Hollis's main contribution to public service was protecting and advancing English liberty by circulating appropriate books on government. From 1754, he reprinted and distributed literature from the seventeenth-century, including works such as Toland's Life of Milton, tracts by Marchamont Nedham, Henry Neville, and Philip Sidney, and John Locke's Two Treatises of Government. From 1760, he had commissioned the bookseller Andrew Millar to publish works advocating republican government, including John Milton (1760), John Toland (1760), Algernon Sidney (1763), Henry Neville (1763) and John Locke (1764). The books were elegantly bound to give them greater effect and tooled with libertarian ornaments such as the liberty cap and owl.
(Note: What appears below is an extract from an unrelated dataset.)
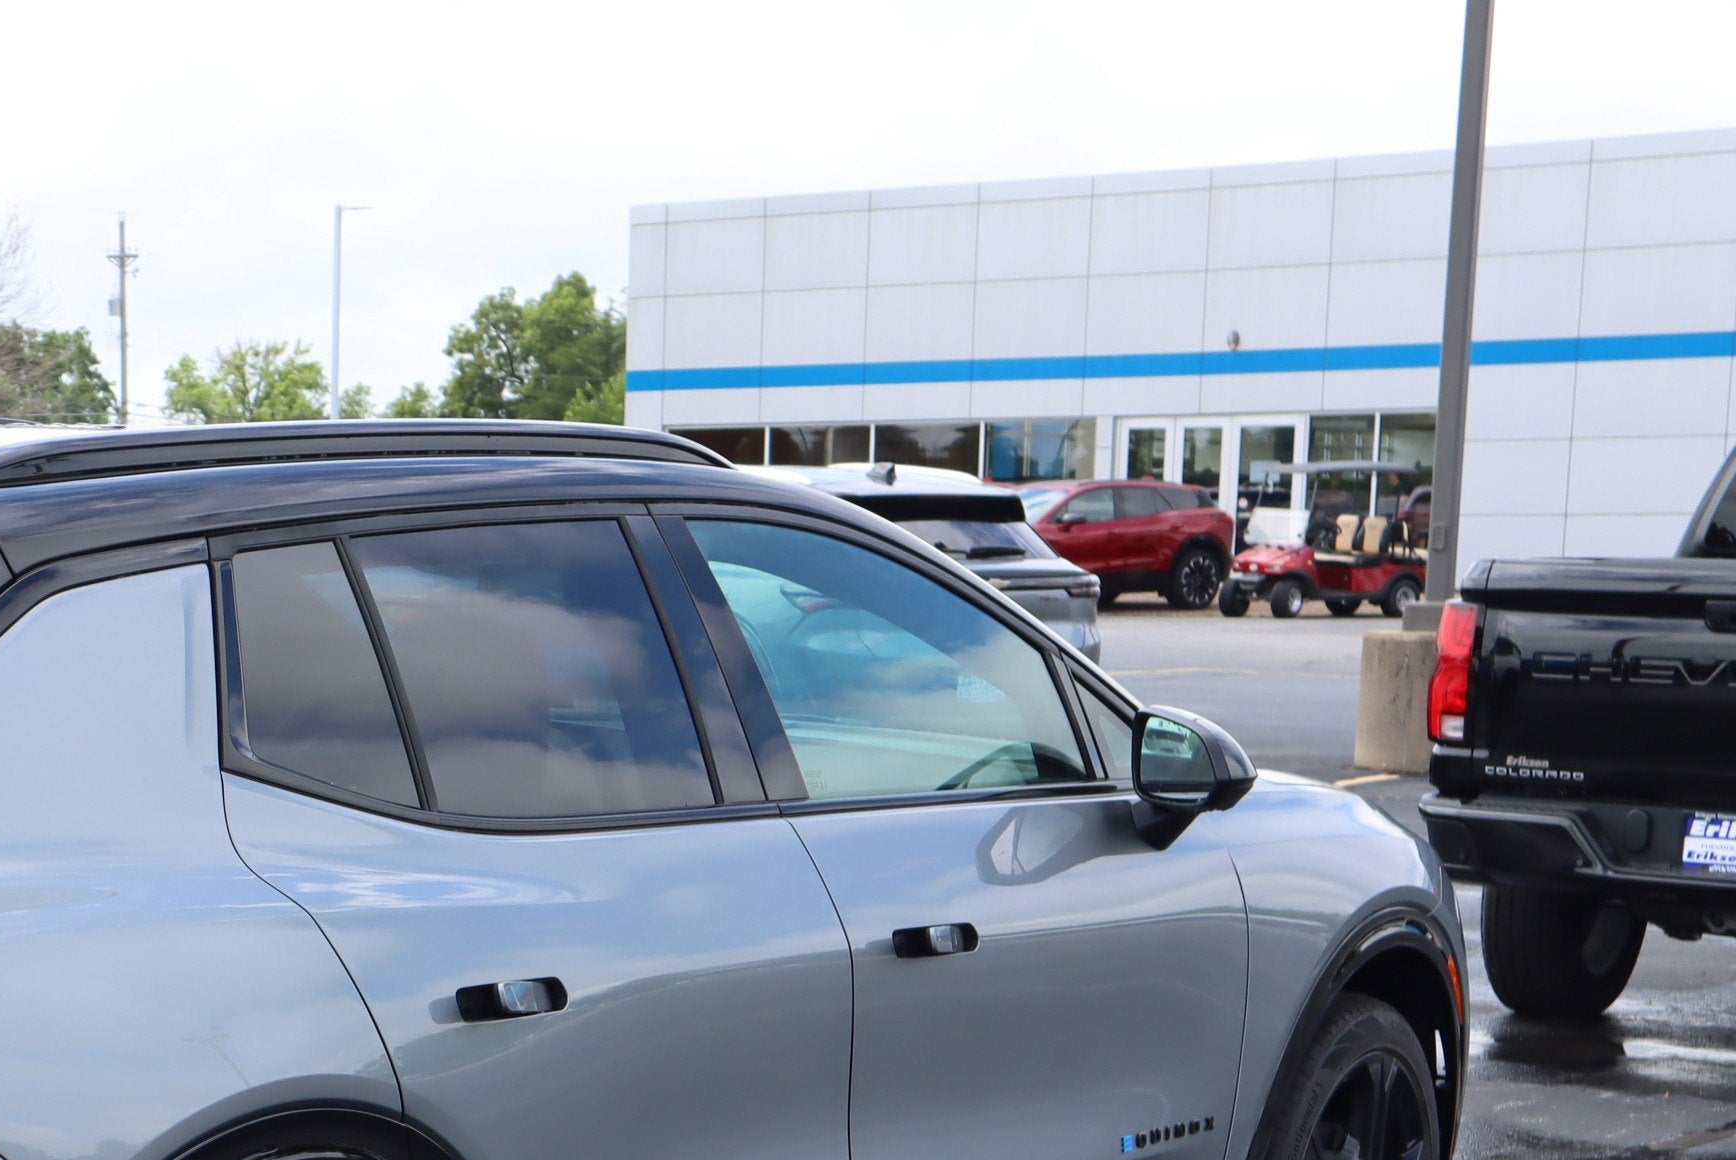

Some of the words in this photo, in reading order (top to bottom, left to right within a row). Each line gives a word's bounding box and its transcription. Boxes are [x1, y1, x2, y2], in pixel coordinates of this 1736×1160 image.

[1530, 651, 1736, 687] CHEV
[1484, 765, 1585, 781] COLORADO
[1121, 1116, 1214, 1154] EQUINOX
He also published writings by American colonists on the Stamp Act crisis, including John Adams's Dissertation on the Canon and the Feudal Law (1765).

To start with the tracts were directed towards libraries throughout Britain and continental Europe; later he turned his generosity to America.

He continued his great-uncle Thomas's practice, as a great benefactor to American colleges, especially Harvard, sending donations and numerous books, often decorated with libertarian symbols. From 1755, his principal American correspondent was Jonathan Mayhew of Boston, and, after Mayhew's death in 1766, Andrew Eliot. His other benefactions included substantial donations to Bern Library and to the University of Leiden Library.

Hollis was the patron and a friend of William Harris (historian).

He died suddenly on 1 January 1774 aged 53. He was unmarried, and after minor legacies left his estates to Thomas Brand, who added Hollis's name to his own.